- To do
Could every line below be transcribed exactly, with the pictures dropped?

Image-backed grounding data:
• • • • •

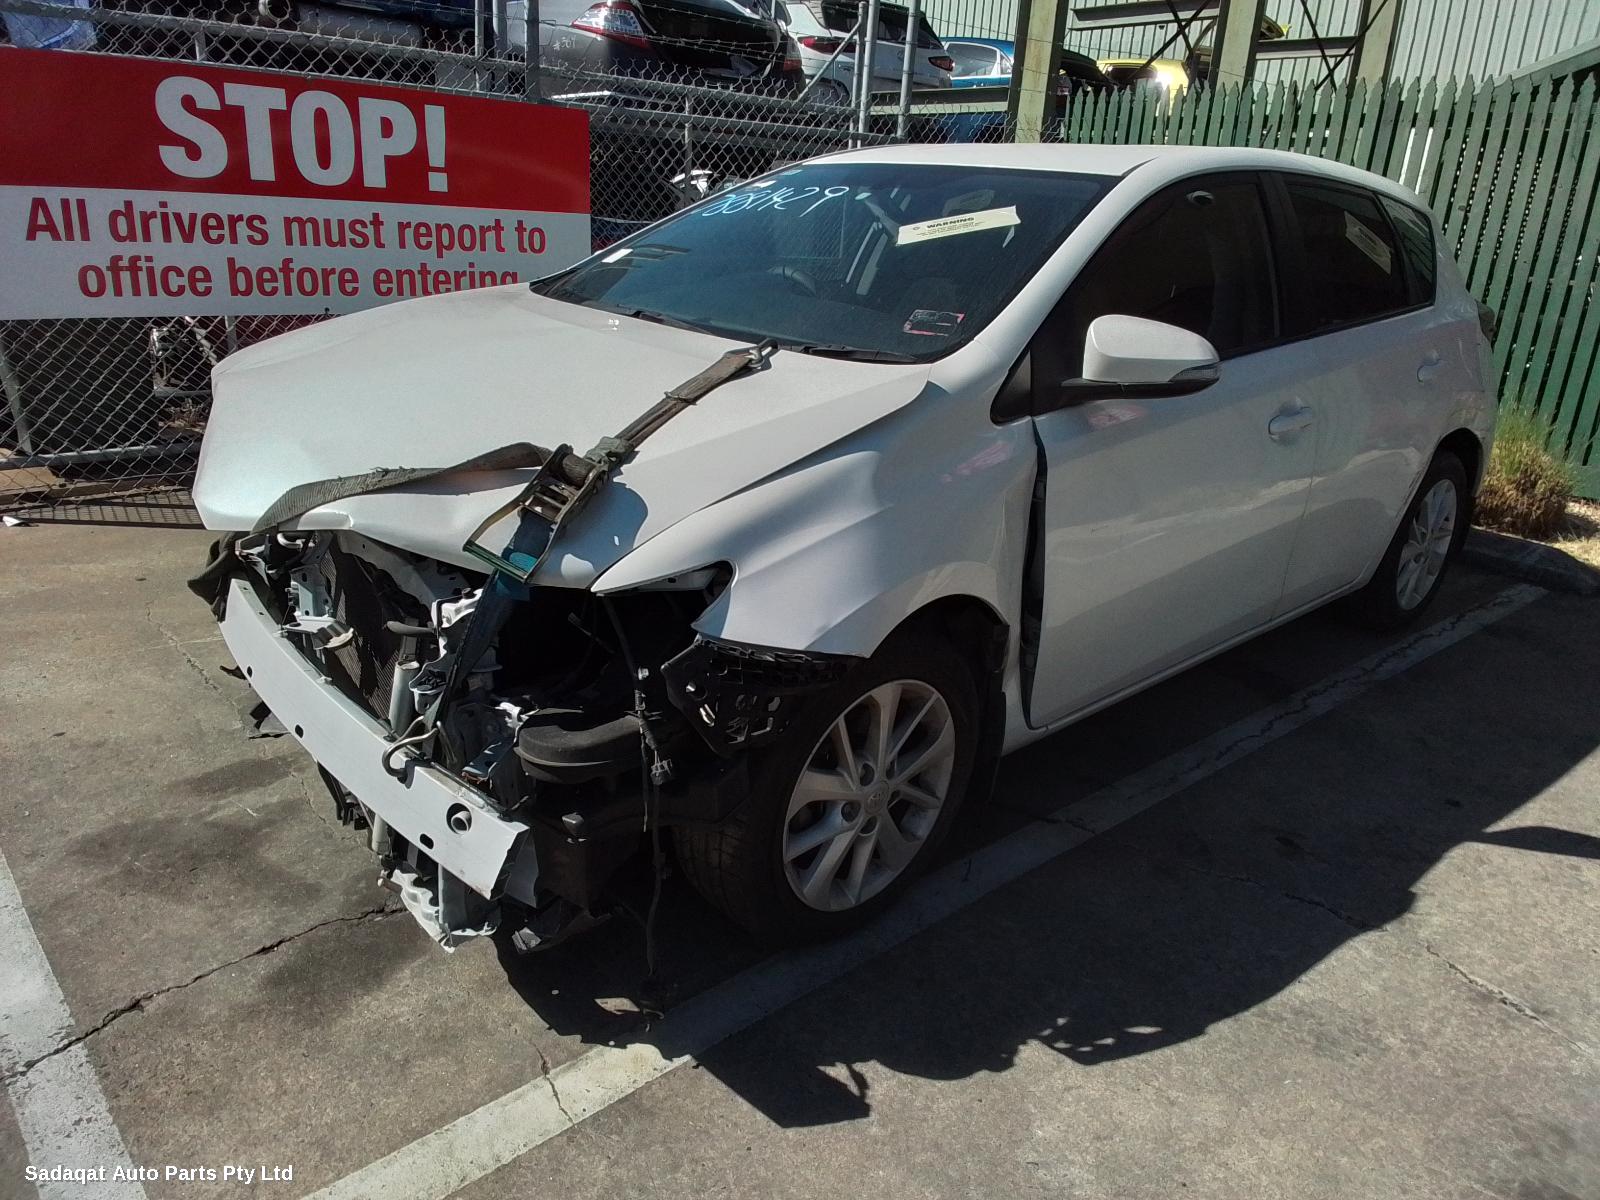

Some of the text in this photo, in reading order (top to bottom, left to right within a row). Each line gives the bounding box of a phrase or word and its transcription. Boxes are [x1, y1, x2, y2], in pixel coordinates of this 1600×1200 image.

[154, 75, 449, 193] STOP!
[27, 197, 547, 259] All drivers must report to
[78, 254, 212, 298] office
[227, 257, 360, 298] before
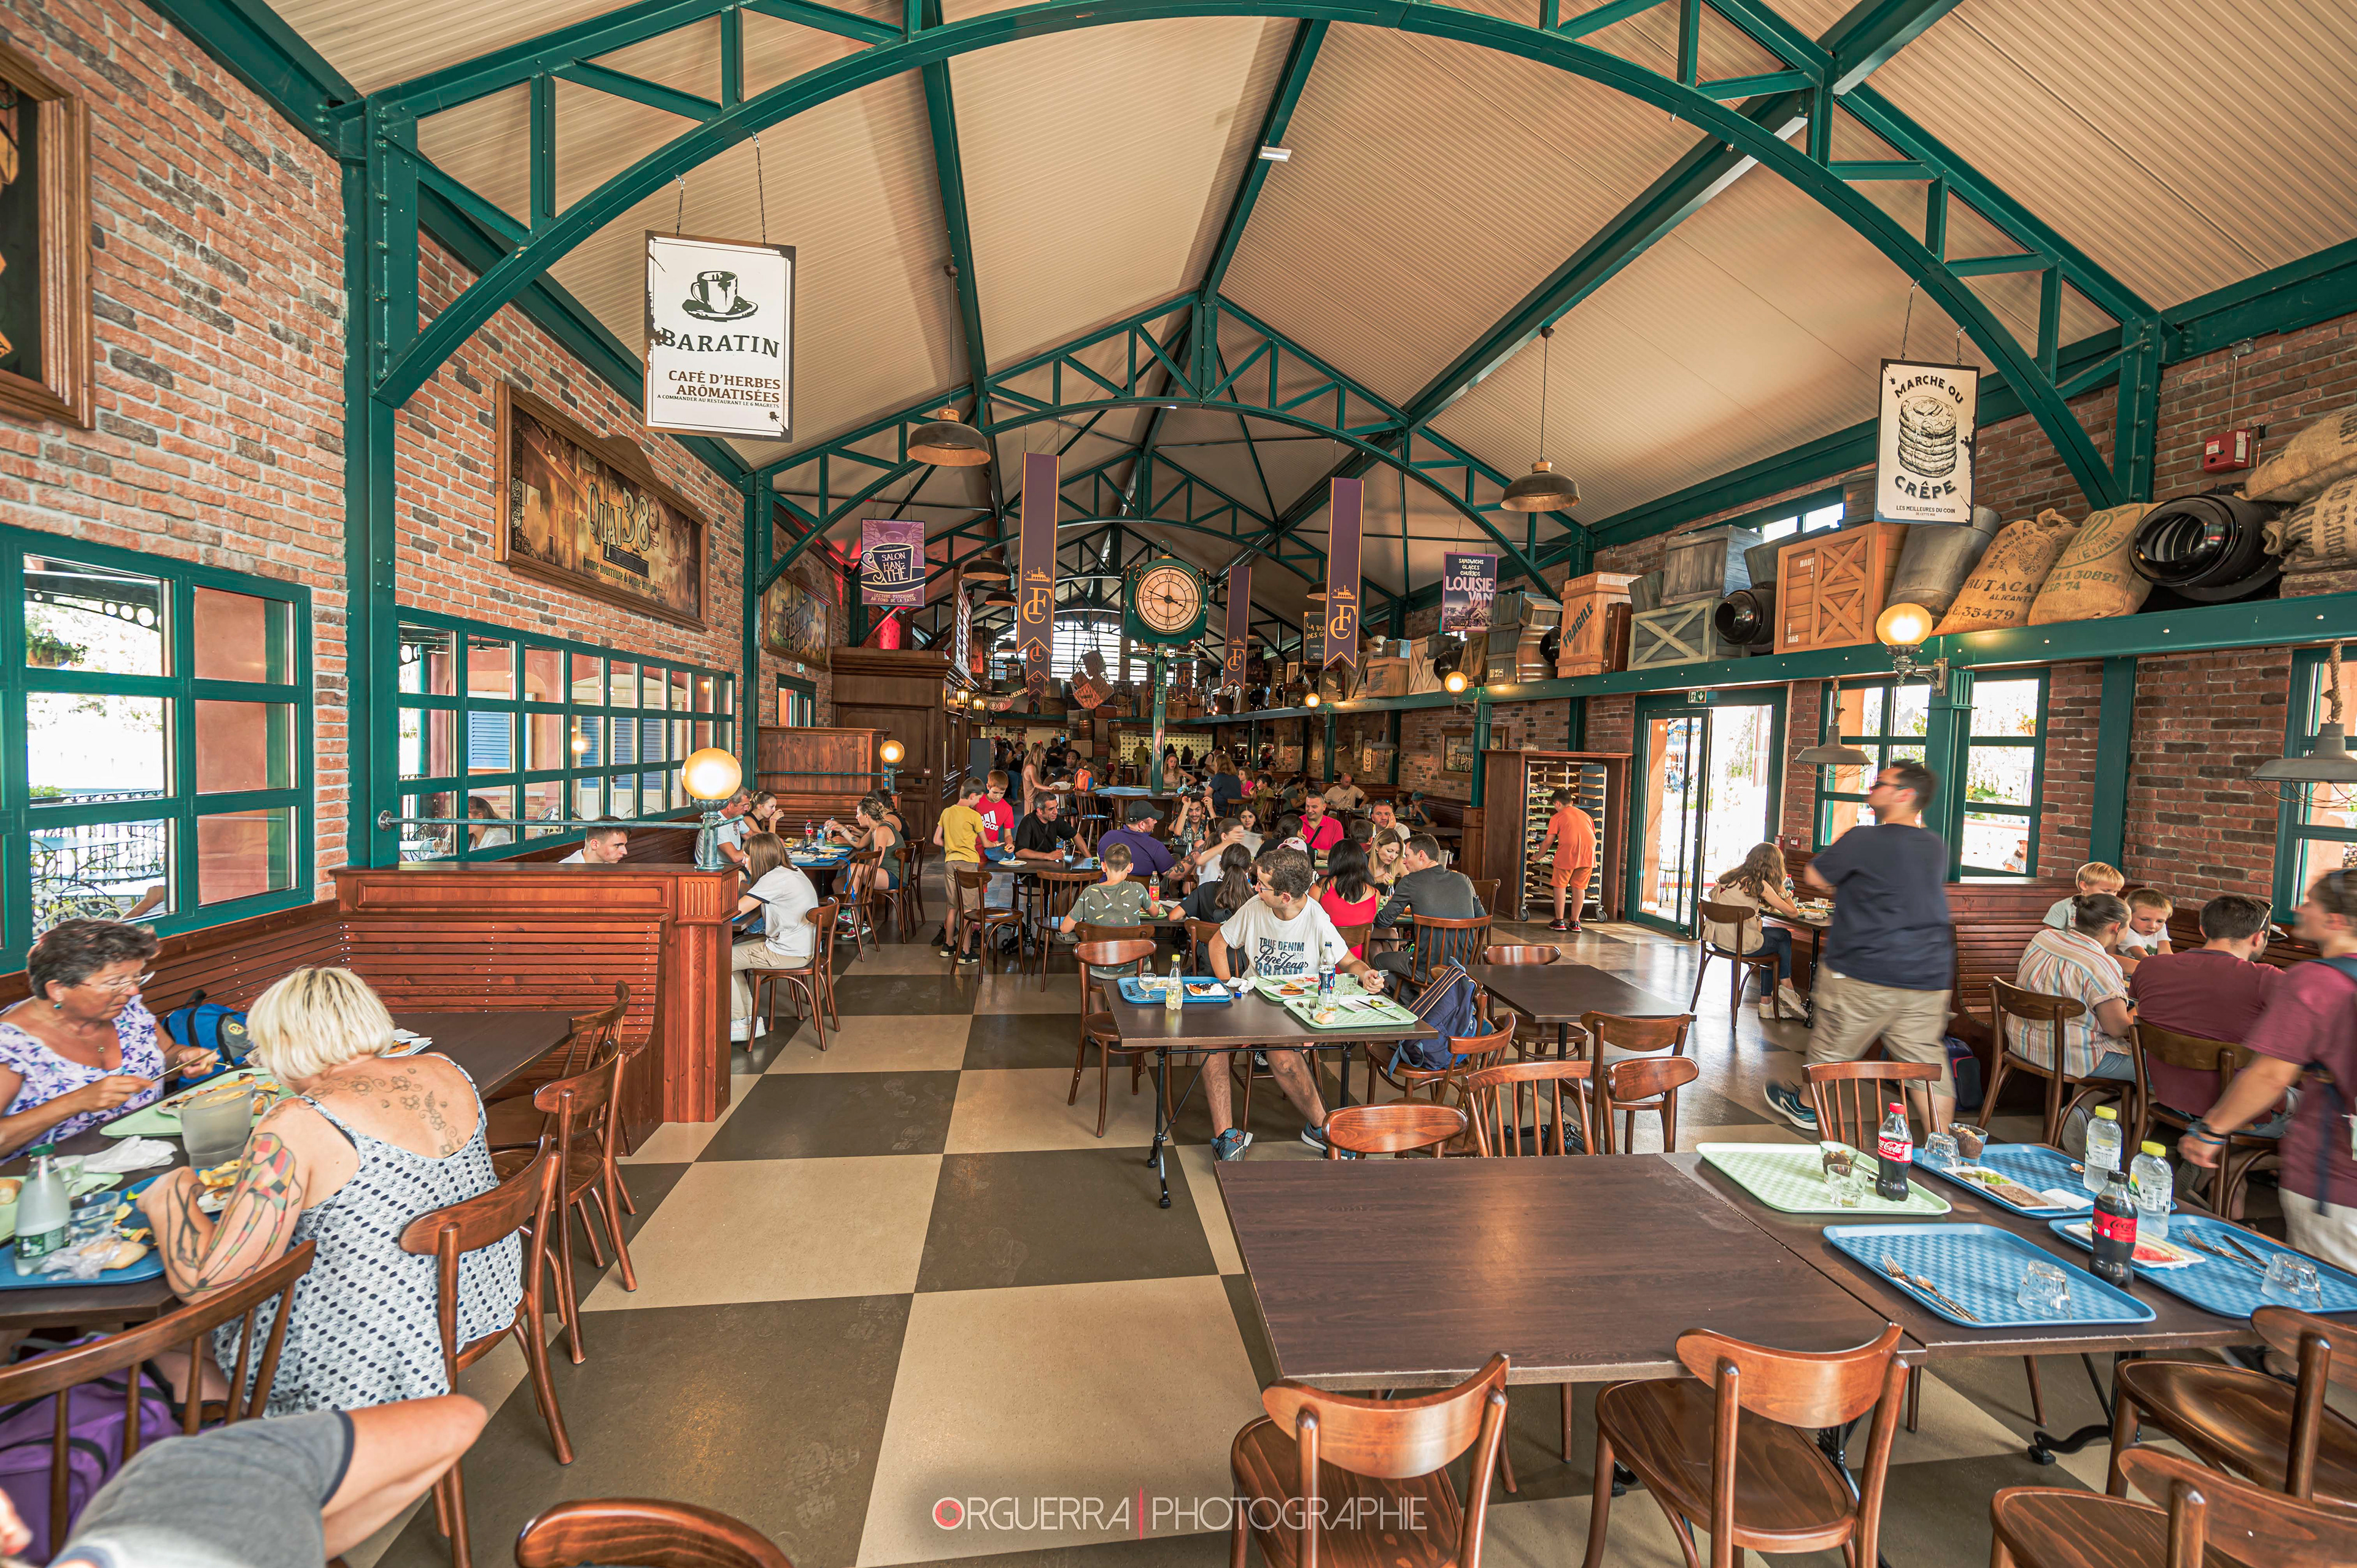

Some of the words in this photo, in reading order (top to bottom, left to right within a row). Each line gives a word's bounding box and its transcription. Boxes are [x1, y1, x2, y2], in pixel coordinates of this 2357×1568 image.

• • • • •

- Exercise output
Some of the text in this photo, in reading order (top to bottom, left to right within a row). Each line gives the bounding box of a phrase or word and its transcription. Boxes are [x1, y1, x2, y2], in pixel coordinates of this 1600×1200 image.

[154, 75, 449, 193] STOP!
[27, 197, 547, 259] All drivers must report to
[78, 254, 212, 298] office
[227, 257, 360, 298] before

Some of the words in this photo, in reading order (top to bottom, left to right within a row). Each line gives a word's bounding box and its transcription. Boxes are [x1, y1, x2, y2], in pixel coordinates of this 2357×1568 image.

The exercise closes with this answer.